JurisprudênciaIA

Tribunal Superior do Trabalho

Recurso de Revista 0100923-27.2018.5.01.0462

Relator(a)
Augusto Cesar Leite de Carvalho
Órgão julgador
6ª Turma
Data do julgamento
05/10/2021
Data de publicação
08/10/2021

TST – Recurso de Revista 0100923-27.2018.5.01.0462, Rel. Augusto Cesar Leite de Carvalho, 6ª Turma, j. 05/10/2021, p. 08/10/2021

Ementa

EMENTA: RECURSO DE REVISTA INTERPOSTO NA VIGÊNCIA DA LEI 13.467/2017 E DA IN 40 DO TST. CARTÕES DE PONTO APÓCRIFOS. HORAS EXTRAS. PREJUDICADO EXAME DOS CRITÉRIOS DA TRANSCENDÊNCIA . O Regional, soberano no exame do conjunto fático e probatório dos autos, mantendo a sentença, asseverou que a empregadora apresentou os controles de ponto, os quais demonstram marcações variáveis, bem como consignou que o depoimento da testemunha do autor revelou-se em patente tentativa de beneficiar o reclamante. Ad argumentandum tantum , para chegar-se à conclusão pretendida pela recorrente , ter-se-ia, necessariamente, que reexaminar o conjunto fático-probatório, procedimento vedado nesta instância recursal nos termos da Súmula 126 do TST. Ademais, frise-se que as pequenas variações de horário no registro de ponto fazem parte da dinâmica da marcação. O que não se admite são os cartões de ponto que demonstram horários de entrada e saída uniformes. Estes, sim, são inválidos como meio de prova, conforme preconiza a Súmula 338, III, do TST. Não existe, no art. 74, § 2º, da CLT, nenhuma referência à necessidade de assinatura dos cartões de ponto pelo empregado como condição de sua validade.
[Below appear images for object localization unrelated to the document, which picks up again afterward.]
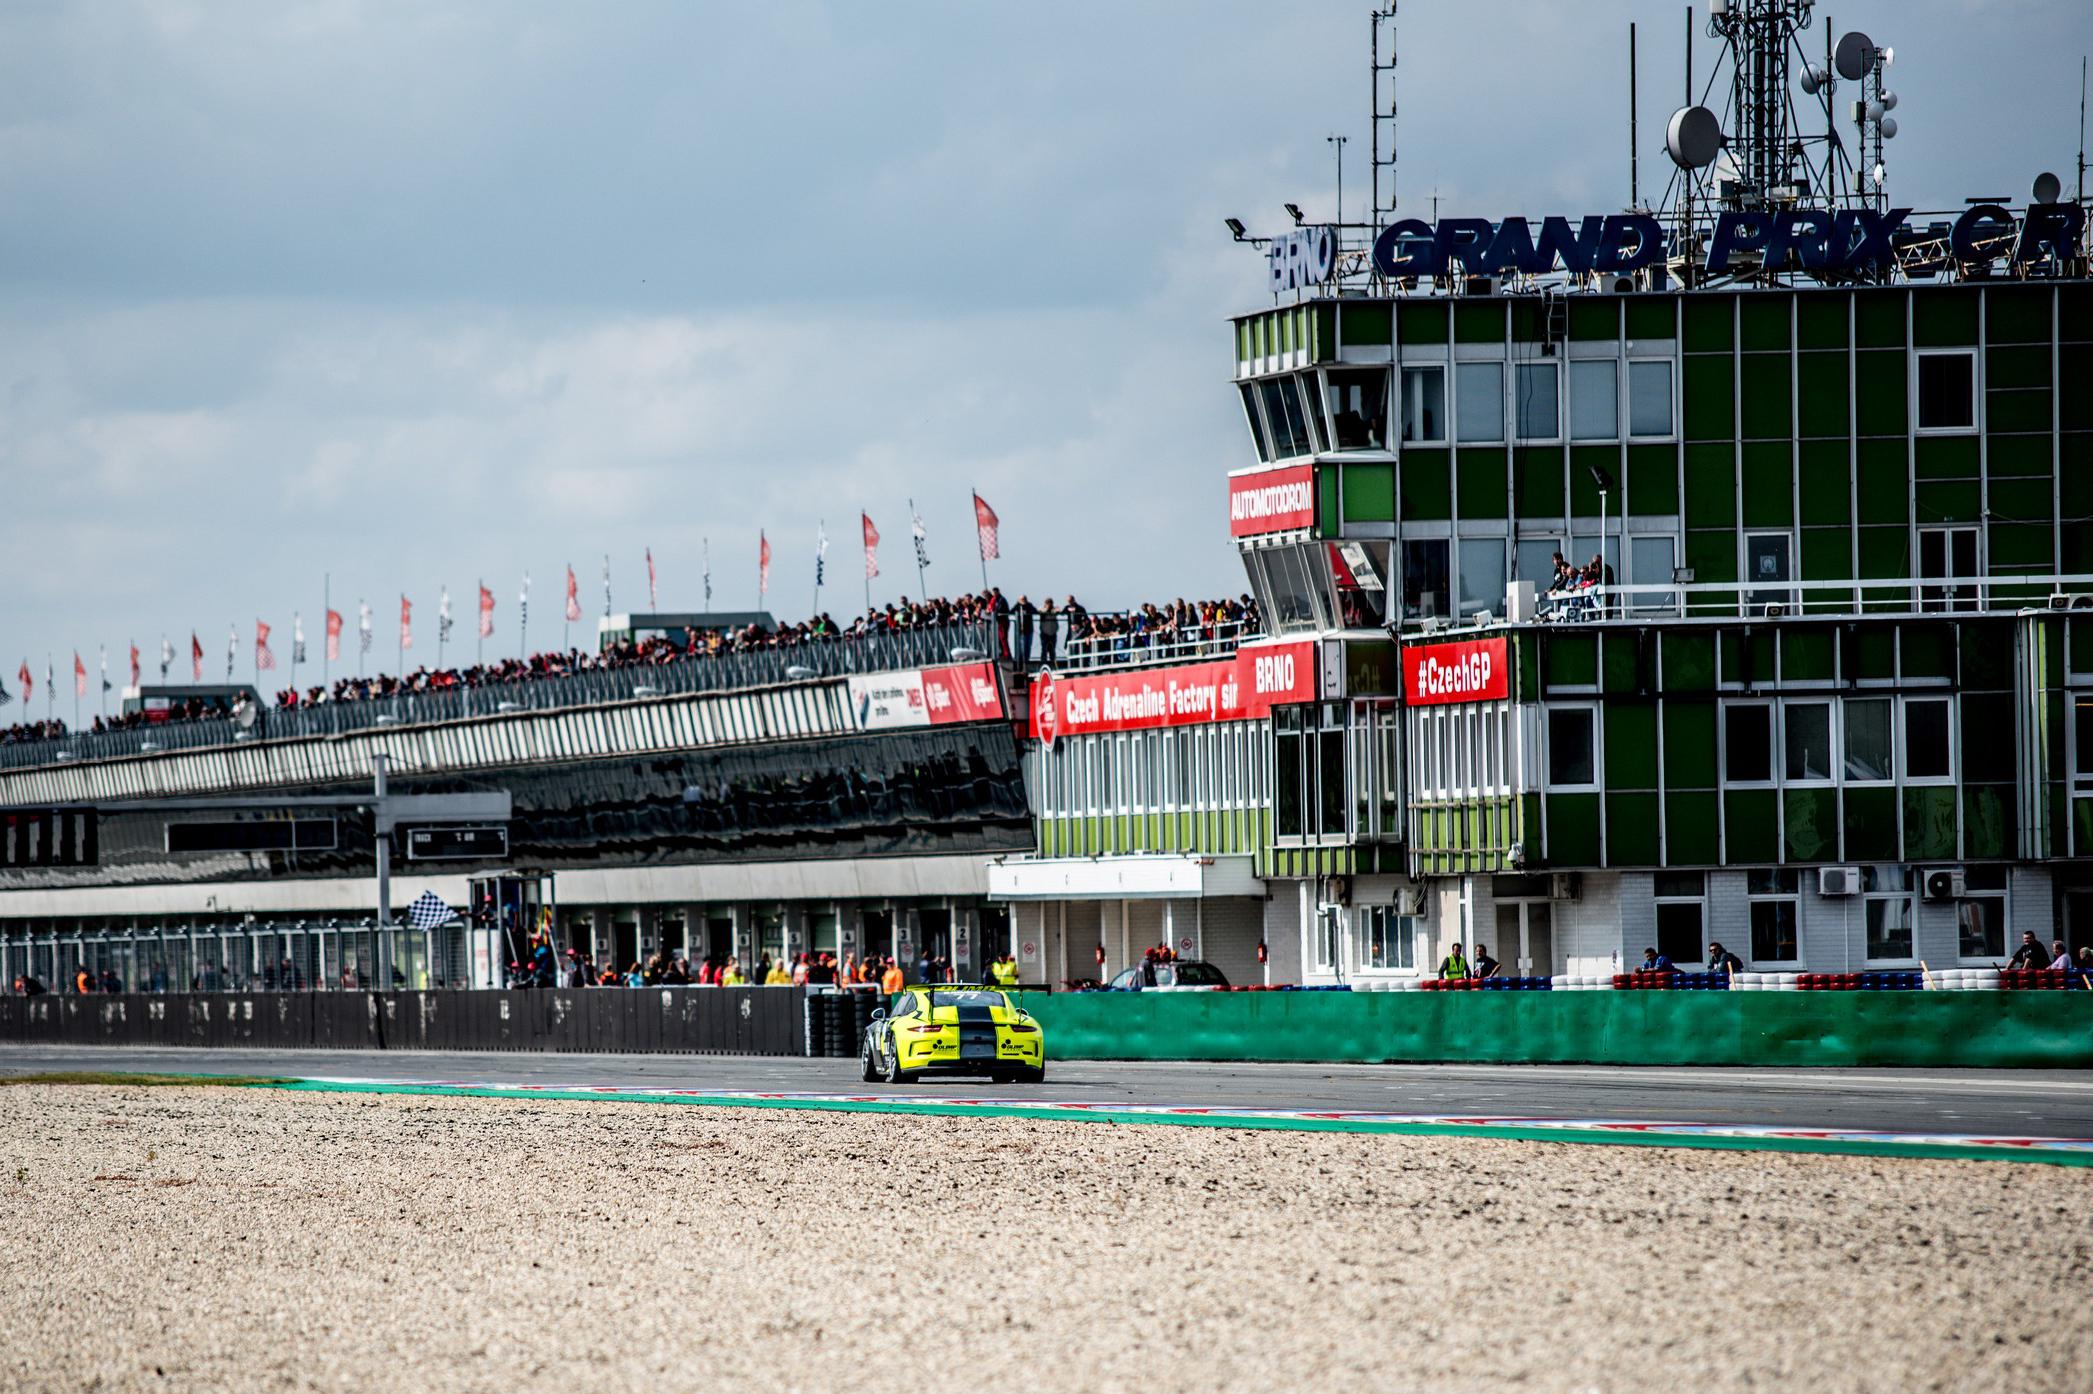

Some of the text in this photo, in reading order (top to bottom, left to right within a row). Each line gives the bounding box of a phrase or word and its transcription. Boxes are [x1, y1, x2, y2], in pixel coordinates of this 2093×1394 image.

[1270, 225, 1337, 292] BRNO
[1373, 215, 1662, 275] GRAND
[1705, 207, 1914, 271] PRIX
[1231, 481, 1312, 520] AUTOMOTODROM
[1255, 653, 1294, 694] BRNO
[1418, 652, 1491, 698] #CzechGP
[1066, 688, 1099, 724] Czech
[1103, 683, 1165, 721] Adrenaline
[1169, 680, 1217, 720] Factory
A falta de assinatura do empregado nos registros de frequência configura tão somente irregularidade administrativa, e não é suficiente, por si mesma, para tornar inválida a prova documental apresentada. Ressalte-se que as instruções do Ministério do Trabalho, ao qual alude o art. 74, § 2º, da CLT, estão contidas na Portaria MTE 3.626/91, capítulo IV, e não exigem a assinatura do empregado nos registros de horário. Apesar de o art. 896-A da CLT estabelecer a necessidade de exame prévio da transcendência do recurso de revista, a jurisprudência da Sexta Turma do TST tem evoluído para entender que esta análise fica prejudicada quando o apelo carece de pressupostos processuais extrínsecos ou intrínsecos que impeçam o alcance do exame meritório do feito, como no caso em tela. Prejudicado o exame dos critérios da transcendência. Recurso de revista não conhecido. (Tribunal Superior do Trabalho (6ª Turma). Acórdão: 0100923-27.2018.5.01.0462. Relator(a): AUGUSTO CESAR LEITE DE CARVALHO. Data de julgamento: 05/10/2021. Juntado aos autos em 08/10/2021.)